Cowboy Bebop Soundtrack, Yoko Kanno, 1998
After a somewhat rocky start (that initially didn’t even see all episodes screened), Cowboy Bebop went on to become one of anime’s cultural milestones – on both sides of the Pacific. Setting itself apart from almost anything else produced for TV animation in either Japan or the USA, Cowboy Bebop merged disparate genres and visual styles in ways that helped the series introduce many new Western viewers to anime. Its cross-cultural appeal was partially based on its use of tropes that were familiar to Western audiences – Western, pulp fiction, film noir and cyberpunk (all within a space opera setting). Shinichirou Watanabe’s creation turned out to be popular enough to spawn a movie sequel and feature on many ‘best of’ lists in the years that followed.
As one would guess by looking at the series’ title, music played a crucial role in its eclectic aesthetic. Not surprisingly, the collaboration between director and composer on Cowboy Bebop was closer than usually – and the result was one of the most distinctive, attention-grabbing anime scores ever written.

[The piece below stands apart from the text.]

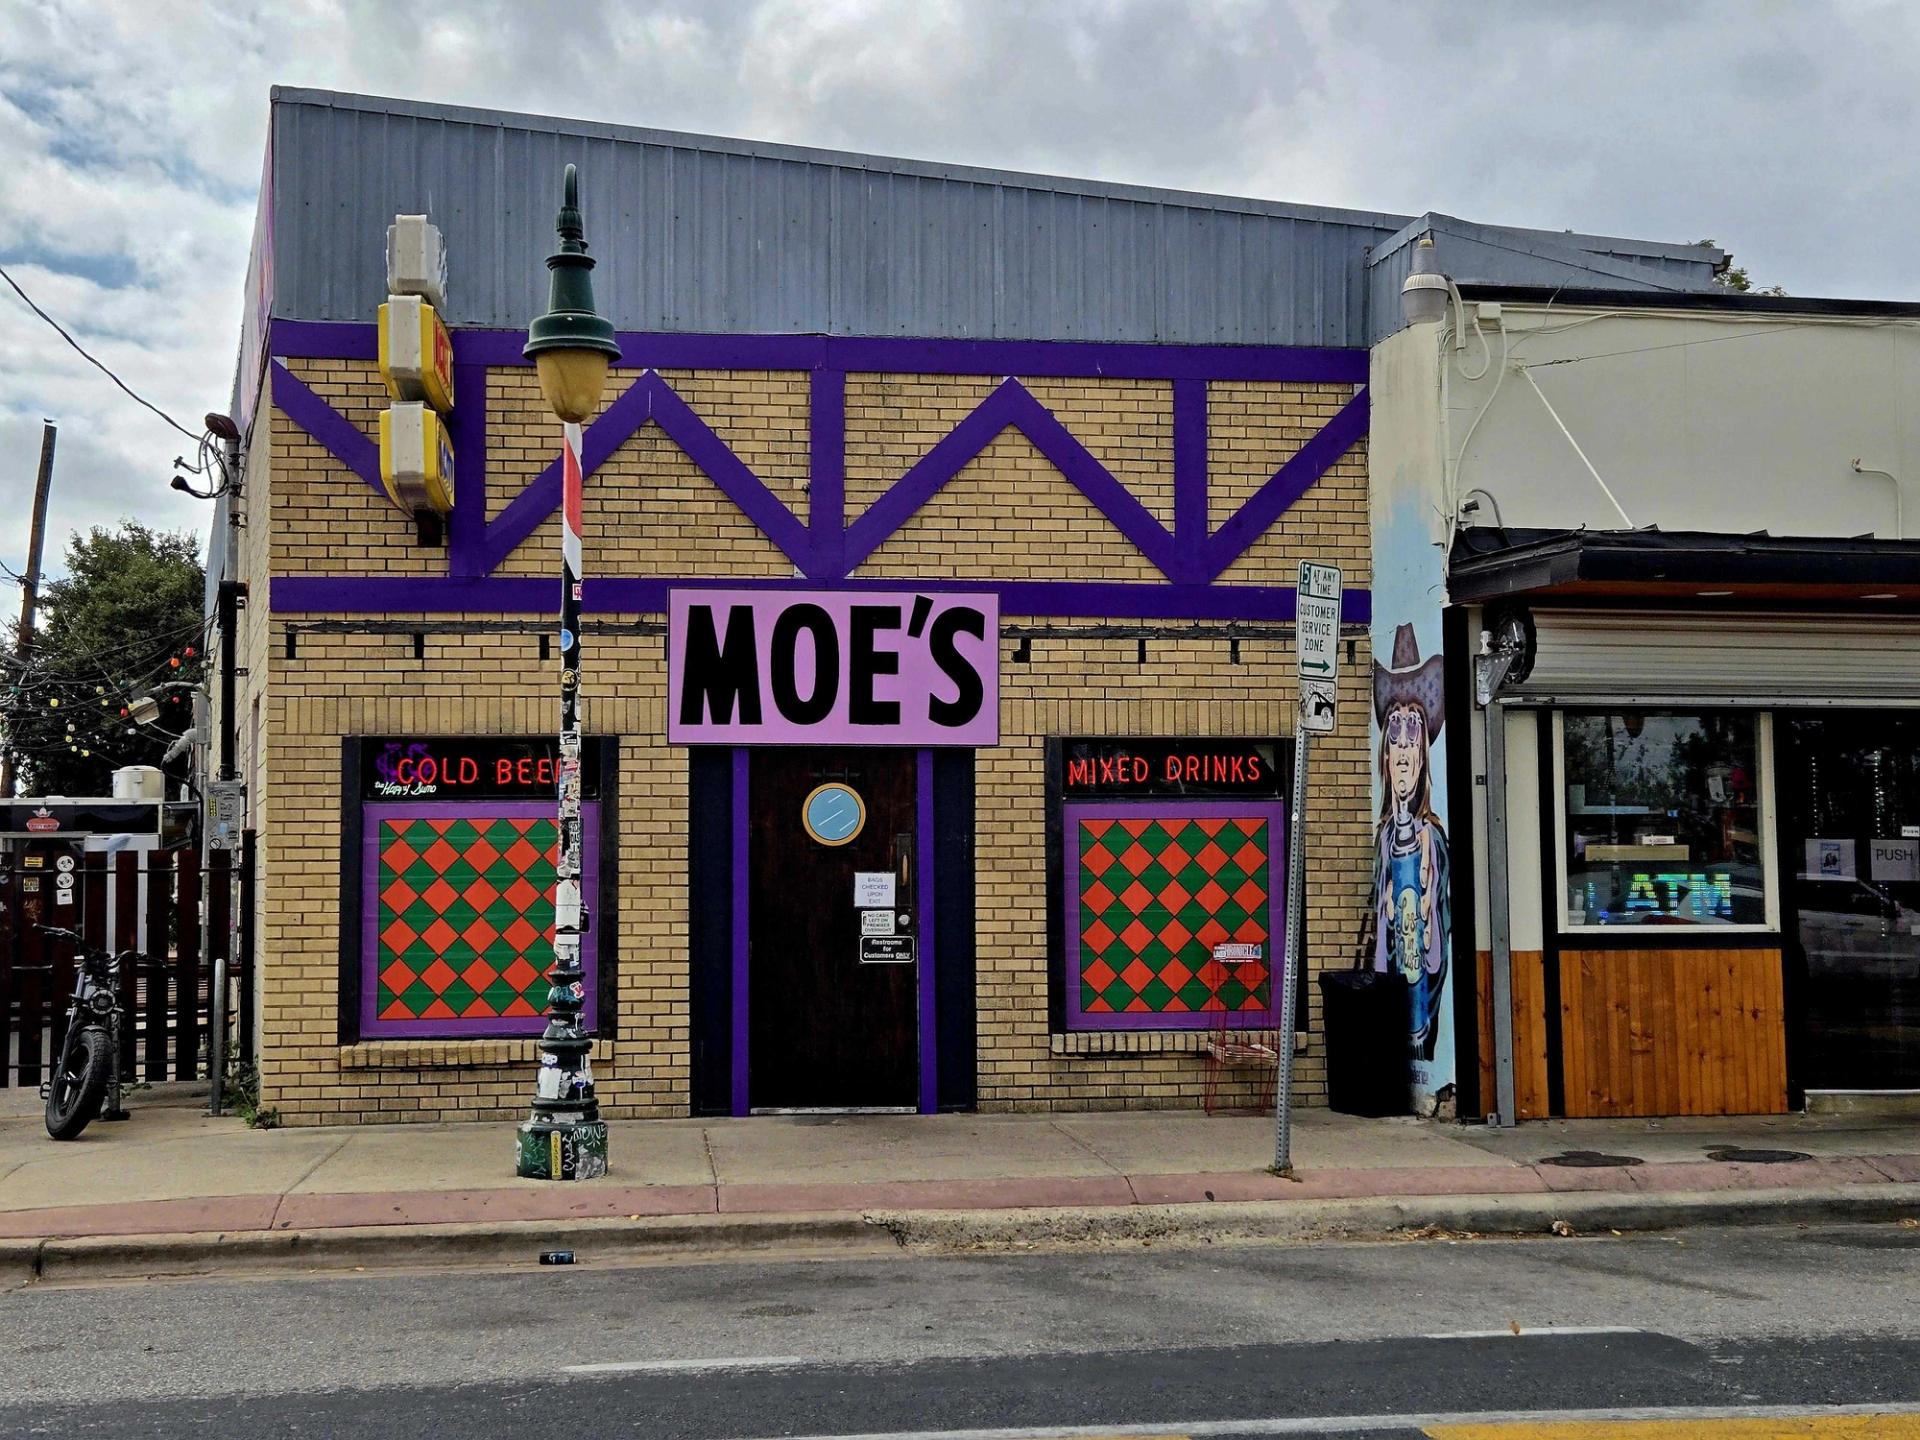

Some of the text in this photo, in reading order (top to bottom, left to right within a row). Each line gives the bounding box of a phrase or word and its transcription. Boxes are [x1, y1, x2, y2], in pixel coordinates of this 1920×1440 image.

After her breakthrough with the orchestral fantasy masterpiece that was The Vision of Escaflowne, Yoko Kanno changed gears in spectacular fashion. Using jazz (and its many permutations) as the basis for Cowboy Bebop, Kanno branched out into a dizzying array of genres. She successfully dappled in everything from blues and metal to country music and opera, matching the series’ free-wheeling stylistic approach. Ultimately, Cowboy Bebop cemented Kanno’s status as one of anime’s foremost composers, able to seemingly nail just about any musical genre.